According to a study, narcissists maintain a high level of grooming, they tend to wear brighter, fashionable, and expensive clothing, subtle pieces are just not for them. They wear makeup and use a lot of accessories and have an organized and neat appearance requiring a lot of preparation. They are always Instagram ready. They try not to repeat outfits, drive expensive cars, change their purses and shoes more frequently and eat out at fancy restaurants to give themselves the feel of a celebrity and also because they try a little too hard to maintain their grandiose image. They indulge in extravagance to make themselves not just look rich but feel rich even if it costs them their savings.

They have a very pretentious social life and use social media as a way to imitate some and intimidate others with their superficiality. Moreover, they like to make friends with, and hang out with people who look cool, to add to their coolness quotient. While they themselves are hypersensitive to criticism and have a fragile ego, they enjoy making fun of others and pointing towards their flaws (which may or may not exist) to draw the attention away from their flaws or to make their own drawbacks look normal. Mocking others make them feel better and elevated.

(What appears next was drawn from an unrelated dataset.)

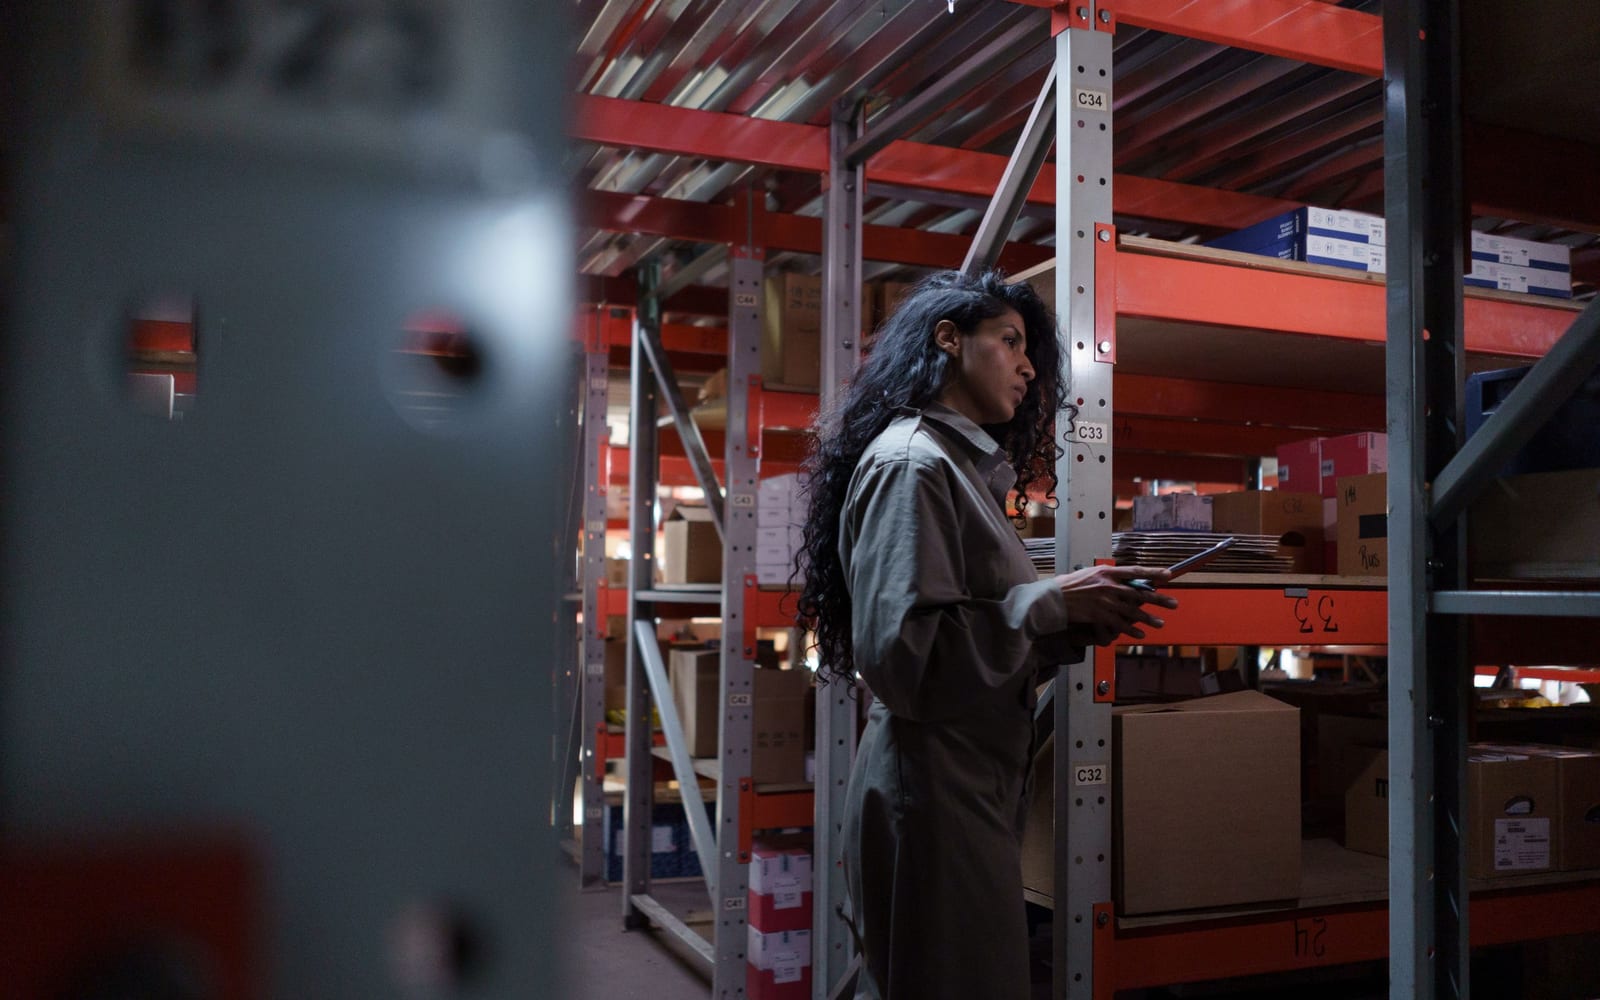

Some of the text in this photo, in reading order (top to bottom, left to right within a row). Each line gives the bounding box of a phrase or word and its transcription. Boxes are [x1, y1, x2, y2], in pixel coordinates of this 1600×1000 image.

The mere presence of one or two attributes discussed here does not make a person a narcissist but narcissists are a complete package, that is difficult to deal with. Though the exact cause of narcissism is not known, some researchers think that it could be due to overprotective or neglectful parenting style, genetics, or simply the environment in which the person has been brought up. There is a lot more that can be discussed on the subject but more on this will be taken up in another article later.